What to do: All of the data goes into your copy exactly as written. Images do not.

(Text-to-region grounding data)
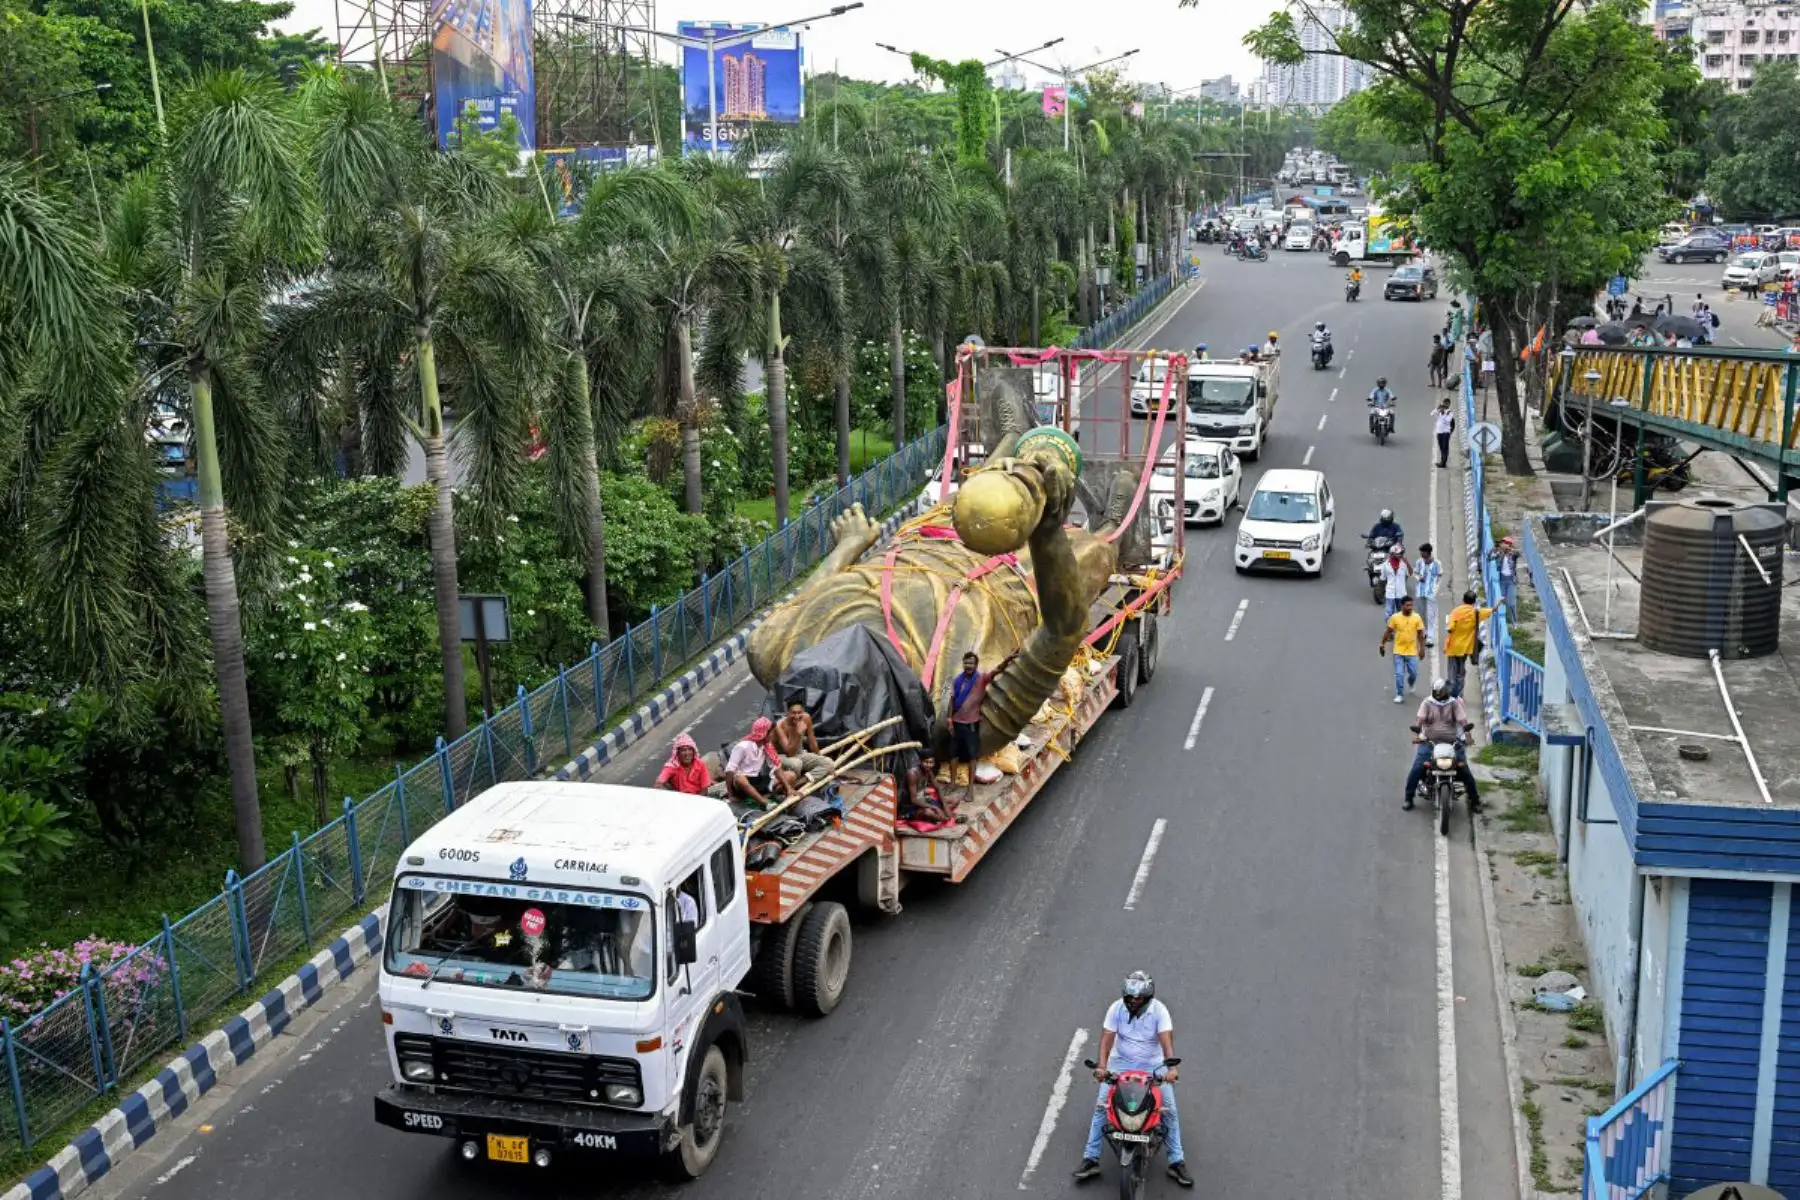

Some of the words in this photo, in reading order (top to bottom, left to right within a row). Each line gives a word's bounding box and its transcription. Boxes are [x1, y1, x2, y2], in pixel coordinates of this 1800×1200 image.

[438, 848, 481, 862] GOODS
[553, 858, 608, 874] CARRIAGE
[433, 880, 517, 897] CHETAN
[526, 889, 613, 907] GARAGE
[489, 1028, 529, 1042] TATA
[403, 1111, 443, 1129] SPEED
[573, 1131, 617, 1150] 40KM

Task output:
Some of the words in this photo, in reading order (top to bottom, left to right within a row). Each line gives a word's bounding box and its transcription. Boxes are [x1, y1, x2, y2], in pixel coordinates of this 1800×1200 image.

[438, 848, 481, 862] GOODS
[553, 858, 608, 874] CARRIAGE
[433, 880, 517, 897] CHETAN
[526, 889, 613, 907] GARAGE
[489, 1028, 529, 1042] TATA
[403, 1111, 443, 1129] SPEED
[573, 1131, 617, 1150] 40KM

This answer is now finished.